Researchers at City of Hope and the University of California, Berkeley created a microfluidic platform. The platform assesses breast cancer risk at the cellular level.
It squeezes individual breast epithelial cells to measure deformation, recovery, and stress behavior. The study appears in Lancet’s eBioMedicine and highlights clinical potential. More than 90 percent of women lack genetic predisposition or family history of breast cancer. Therefore, this approach could fill a critical gap in risk assessment and save lives.

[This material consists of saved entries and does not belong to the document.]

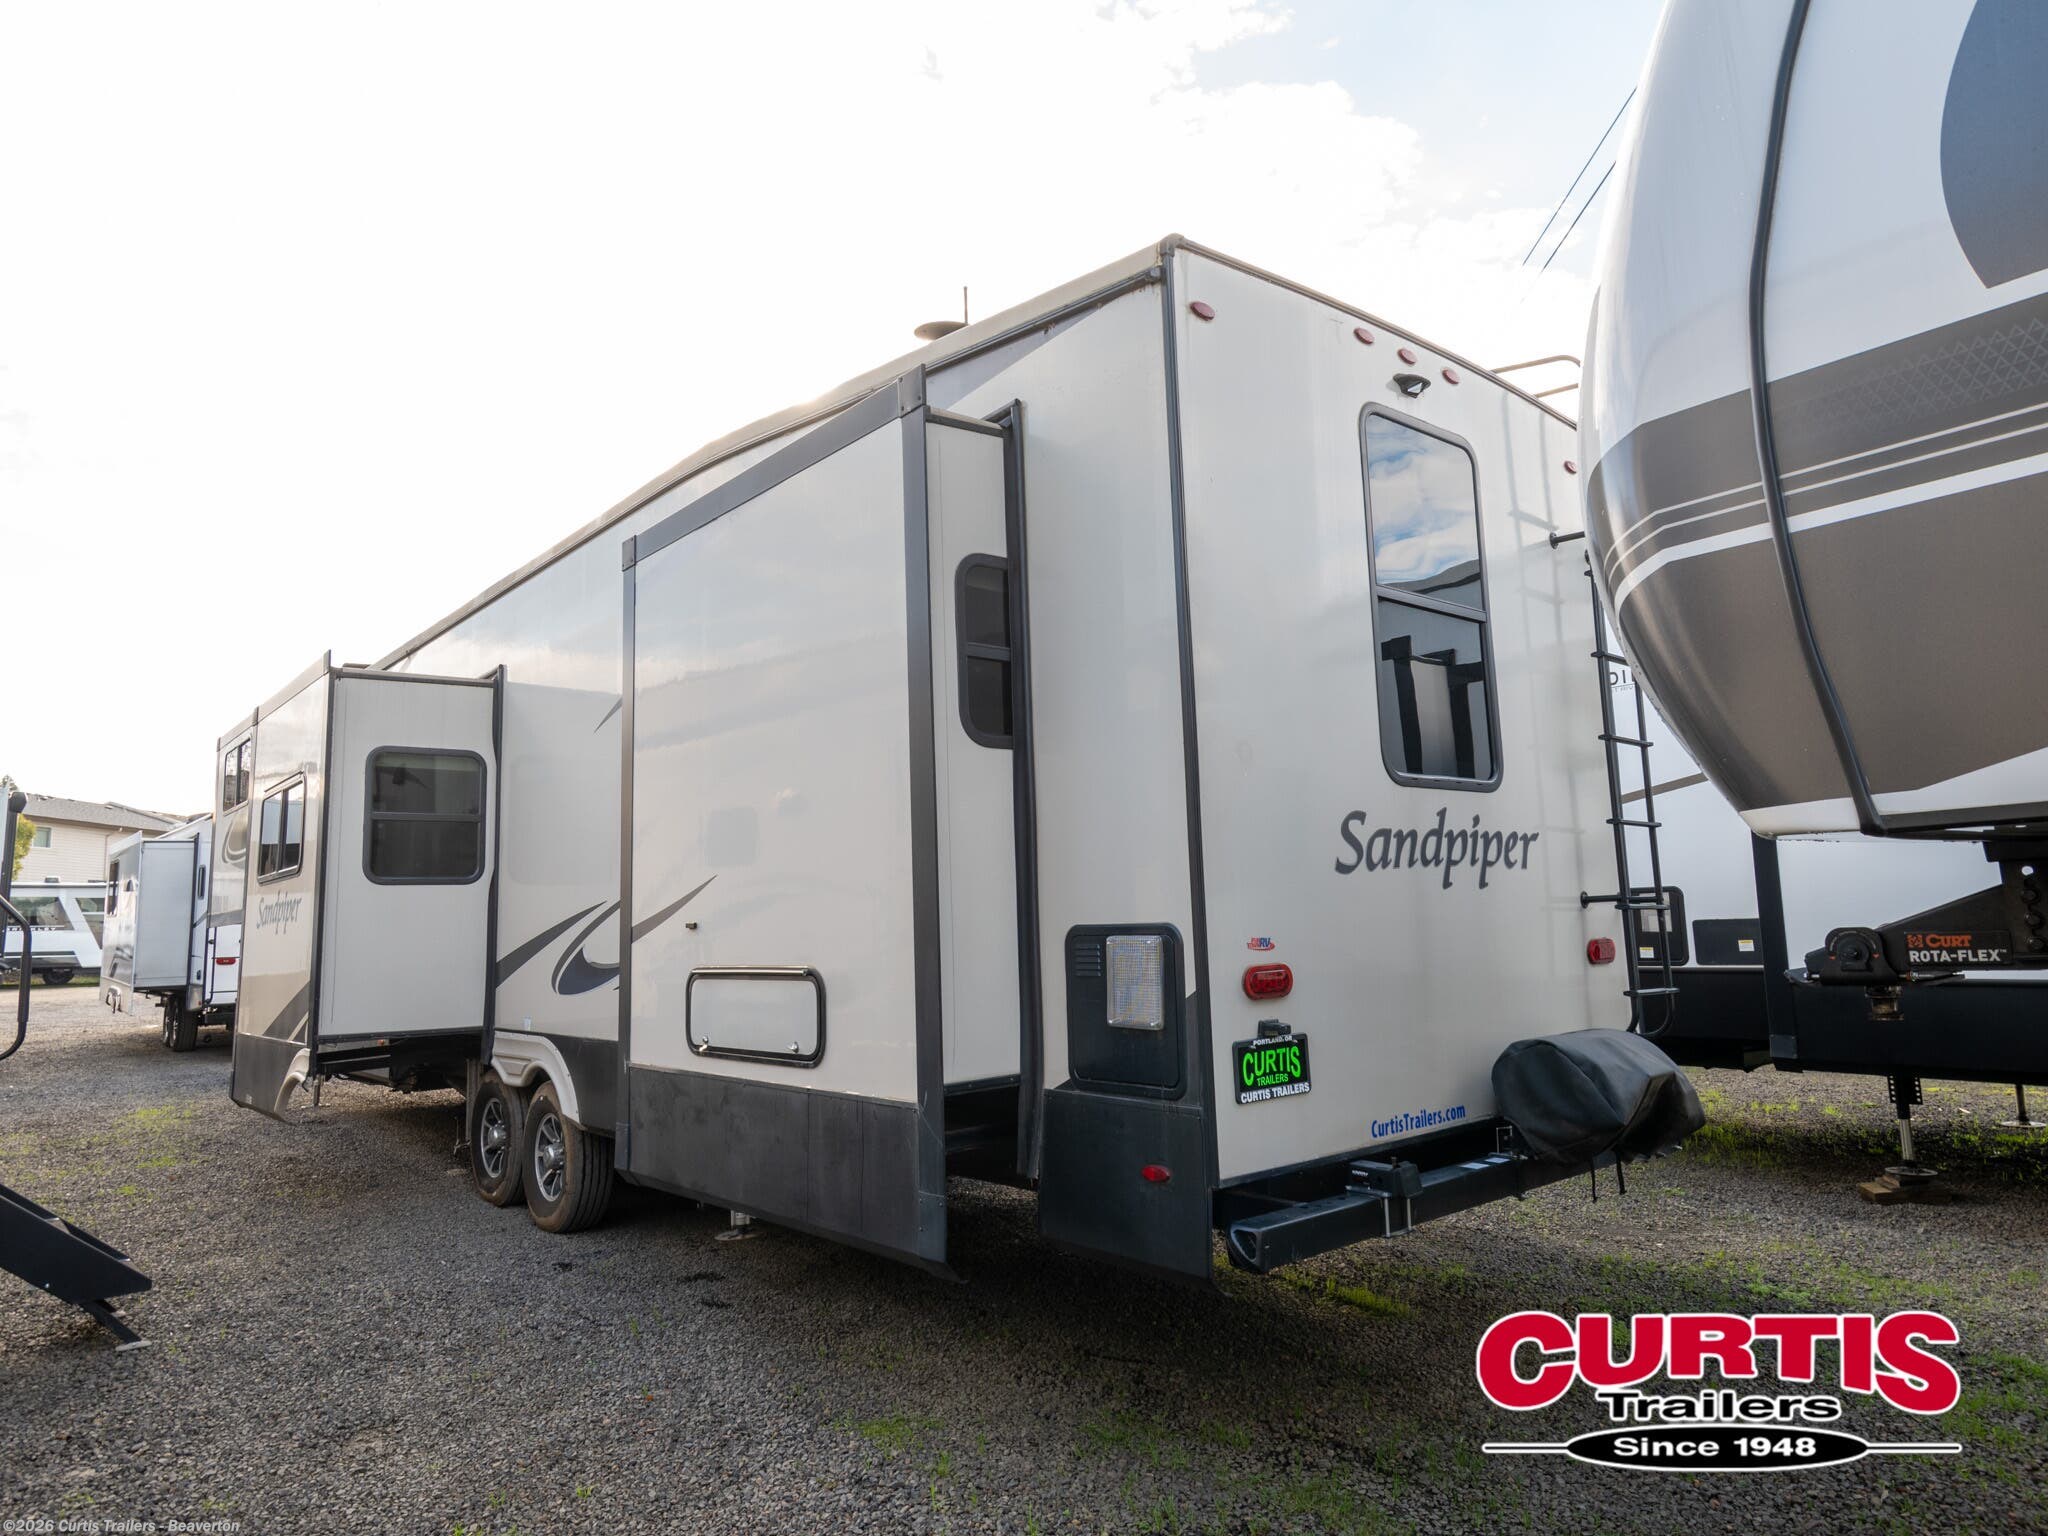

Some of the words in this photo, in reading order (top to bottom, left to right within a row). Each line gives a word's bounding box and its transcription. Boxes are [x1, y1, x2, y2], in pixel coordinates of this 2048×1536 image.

[1335, 807, 1540, 890] Sandpiper
[256, 890, 302, 934] Sandpiper
[1926, 934, 1972, 947] CURT
[1242, 1046, 1301, 1087] CURTIS
[1256, 1073, 1289, 1087] TRAILERS
[1240, 1090, 1271, 1104] CURTIS
[1272, 1082, 1310, 1098] TRAILERS
[1371, 1104, 1466, 1138] CurtisTrailers.com

“For women with a known genetic risk factor for breast cancer, there are things you can do like follow a higher-risk screening protocol. For everybody else, you’re left wondering, ‘Am I at high risk?’” said Mark LaBarge, Ph.D., a professor in the Department of Population Sciences at City of Hope. “By translating physical changes in cells into quantifiable data, this tool gives women something tangible to discuss with their doctors — not just risk estimates, but evidence drawn directly from their own cells.”
Researchers developed a machine learning algorithm to detect cells showing accelerated aging signs. The system calculates an individual breast cancer risk score using measurable cellular properties. Importantly, the AI platform uses simple electronics that support scalable and affordable deployment.
“Our team isn’t the first to measure the mechanical properties of cells; however, other approaches require advanced imaging technology that’s expensive, cumbersome and has limited availability,” said Lydia Sohn, Ph.D., the Almy C. Maynard and Agnes Offield Maynard Chair in Mechanical Engineering at UC Berkeley. “In contrast, MechanoAge uses computer chips that are simpler than an Apple Watch and ‘RadioShack parts’ that are cheap and easy to assemble, potentially making the device highly scalable.”
Mechanical Age and AI Risk Detection
About six percent of women with breast cancer carry known genetic mutations. However, others rely on indirect models like population data or breast density measurements. These models often overestimate or underestimate individual breast cancer risk significantly. Consequently, they may lead to over-screening, under-screening, or missed warning signs.
Currently, no non-genetic test identifies women at higher breast cancer risk early. Mammograms detect cancer only after it begins growing within breast tissue. Therefore, researchers shifted focus toward cellular-level physical changes using the MechanoAge platform.
Scientists discovered that breast cells have a measurable mechanical age separate from chronological age. Cells with higher mechanical age showed greater stiffness and slower recovery after compression. Interestingly, some younger women displayed cell behavior similar to older individuals. These cases involved women carrying genetic mutations linked to higher breast cancer risk.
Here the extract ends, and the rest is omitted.